Speaking of tracking the citizenry, I must engage in a brief moment of shameless self-promotion to explain why so many folks seem to be forwarding me a news report by staff writer Suzanne Smalley in the Jan. 6 Boston Globe.

Readers of my 2005 novel “The Black Arrow” will recall that, on page 79, young Jack Brackley, the mayor’s nephew, is being introduced to his new duties in the headquarters of Gotham City’s Homeland Security headquarters, monitoring the city’s SonicNet. ...

“The job of the monitors seemed simple enough when it was explained to the visiting schoolkids, though of course there was a lot more nuance to doing the job -- spotting a bogey quickly enough to save someone’s life -- than might be apparent at first glance.

“Whenever a firearm was discharged -- or any substantial chemical explosion occurred -- almost anywhere in the city, the sensitive combination of sonic sensors and chemical sniffers which now covered the city in an intricate gridwork started a red flasher on Biff’s screen -- or the screen of one of the 77 other monitors who could conceivably be on duty at peak hours.

“The operator could then toggle through any of the streetcorner video cameras in range, looking for an image that would show what was going on.

“Meantime, the automated computers quickly went to work, cross-indexing that event against the mission plans filed by police agencies staging SWAT raids at that time, along with the occasional legitimate blasting operations to dig trenching for new water mains and so forth. ...”

But that was only a piece of near-future science fiction, of course -- purposely designed to be sillier than anything the real-life Police State was likely to try, anytime soon. Nothing like that could ever really --

Oh dear.
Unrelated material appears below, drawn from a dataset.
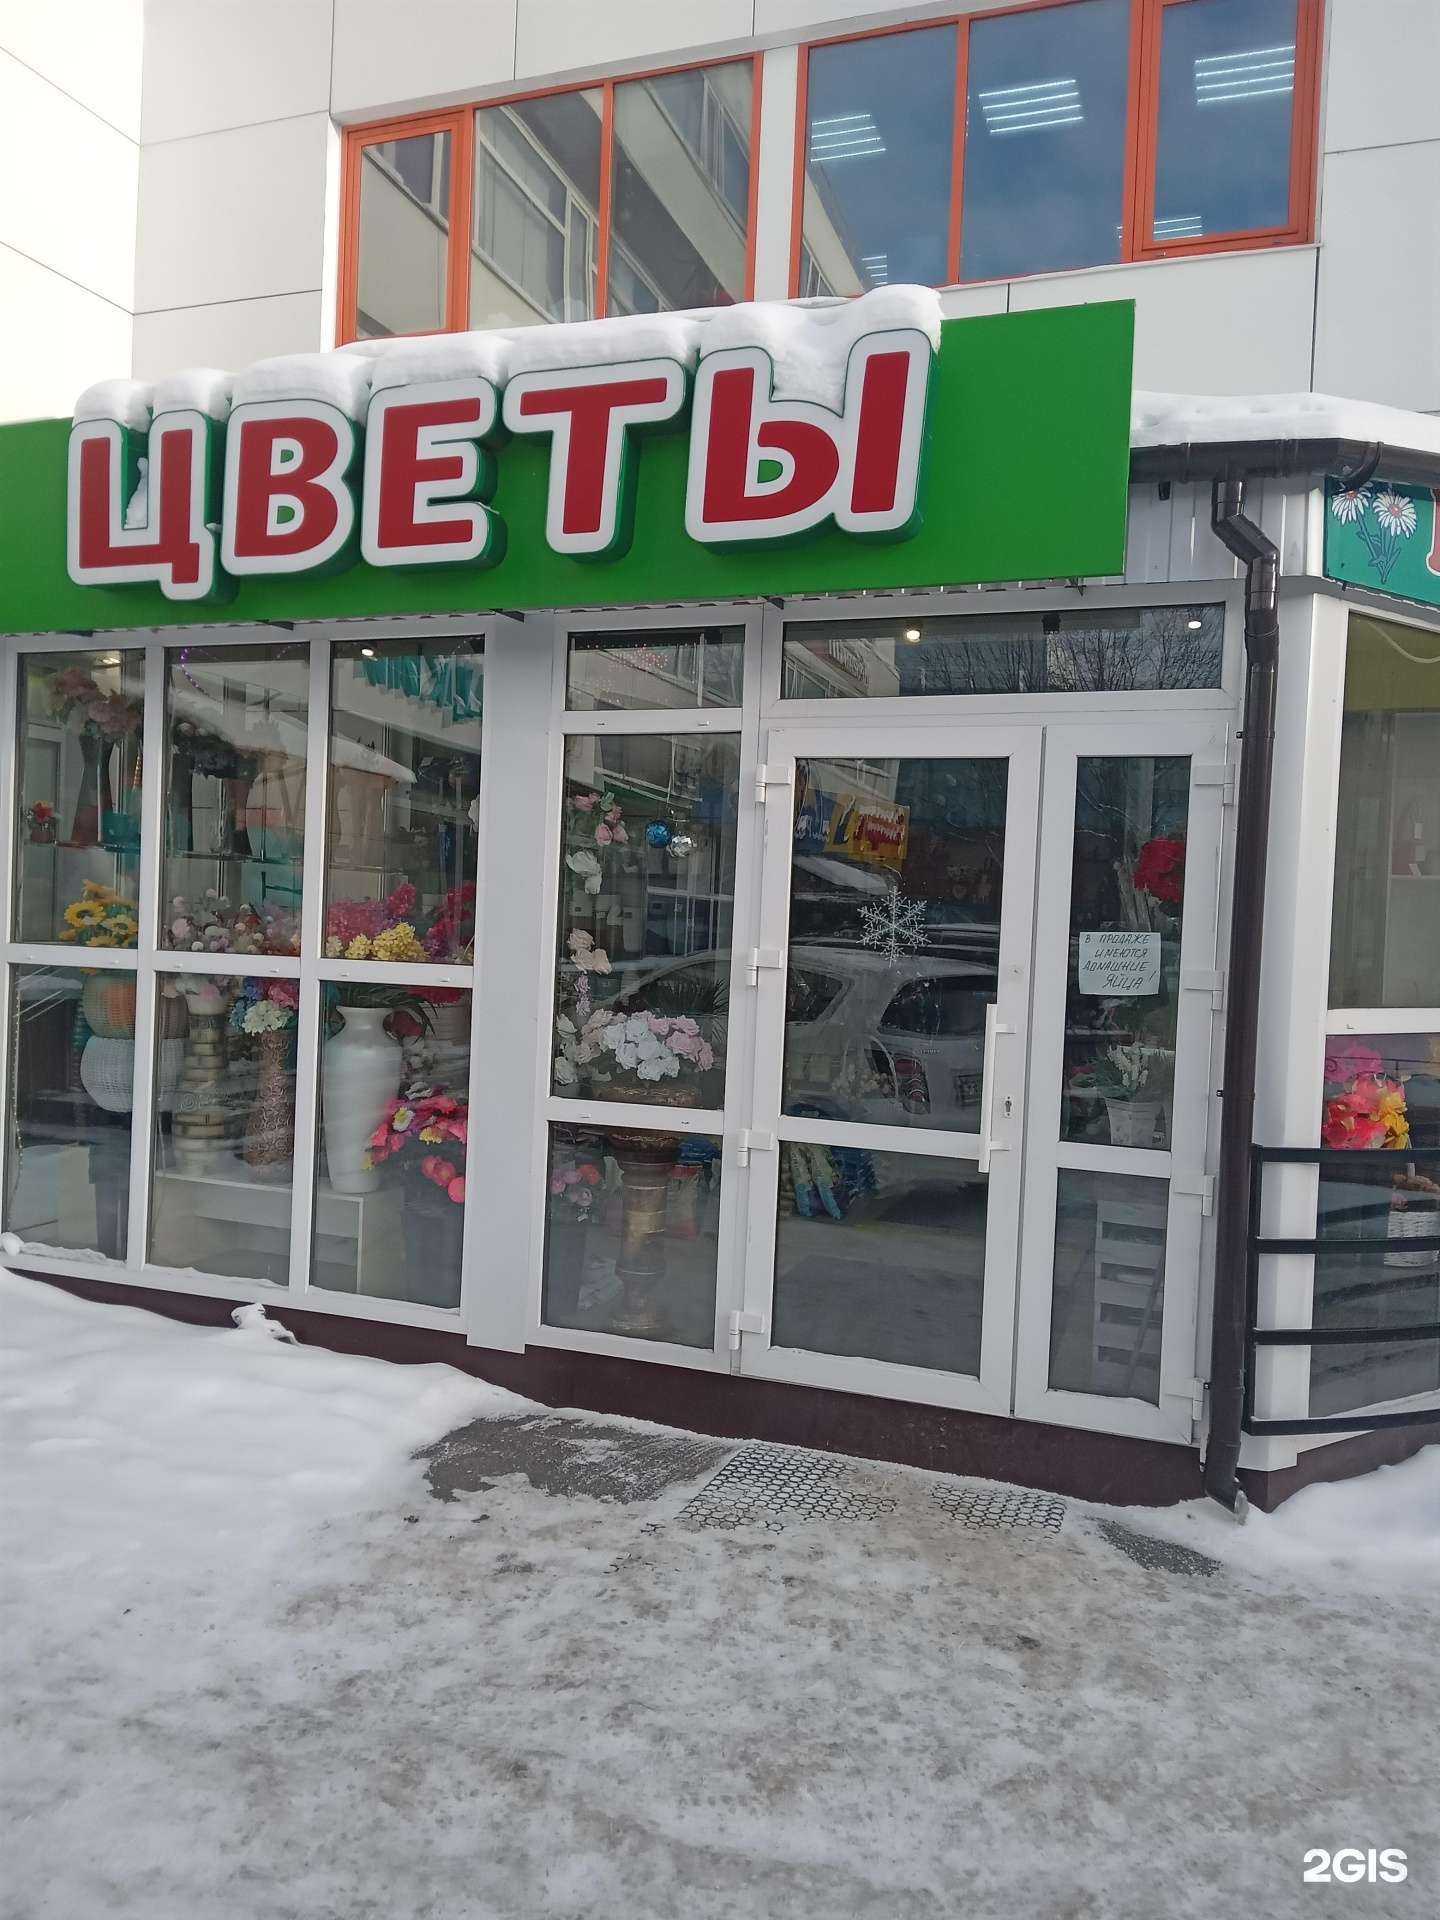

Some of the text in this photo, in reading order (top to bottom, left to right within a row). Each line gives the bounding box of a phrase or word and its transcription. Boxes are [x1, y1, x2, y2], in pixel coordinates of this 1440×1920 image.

Less than two years later, welcome to the world of us political satirists who Just Can’t Seem to Keep Ahead of Them.

The Boston daily reported last week:

“Boston city councilors, law enforcement officials, and community leaders are pressing City Hall to come up with $1.5 million to buy a promising acoustic gunshot-detection system.

“The sensor system could blanket a 5.6-square-mile swath of the city’s most dangerous neighborhoods -- the source of 80 to 85 percent of calls citywide reporting shots fired -- and give officers a jump on arresting suspects, improve police response time to 911 calls, and possibly reduce firearm violence, proponents say.

“Suffolk District Attorney Daniel F. Conley said he believes the technology would help prosecutors win more gun cases and would require a “relatively modest investment,” given the city’s $2 billion annual budget, the Globe reports.

“Police would be able to get the scene quickly and perhaps apprehend someone fleeing the scene, or identify someone who actually saw something,” Conley said in an interview yesterday. “It would also corroborate witness testimony.”

“The system relies on a network of sensors, roughly the size of a coffee can, that by triangulating can locate gunfire from as far as 1 1/2 miles away within seconds, according to its manufacturer, ShotSpotter Inc., based in Santa Clara, Calif. It is so sensitive and sophisticated that it can isolate gunshots from other sounds, and can even distinguish between shots fired from different kinds of weapons, the company says.”

I can’t really comment, having no technical expertise in such matters. But since life seems to have been imitating art -- or at least a shameless potboiler -- up to this point, one does wonder if the Boston city fathers have bothered to turn to page 80 of “The Black Arrow,” where Jack Brackley proceeds to explain:

“Needless to say, this didn’t always work, and the biggest open secret around here was that the techs were continually mounting new screening software so they wouldn’t keep sending out so many units to arrest some poor nudge with a jackhammer which the SonicNet insisted was a terrorist with a 30-caliber machine gun.”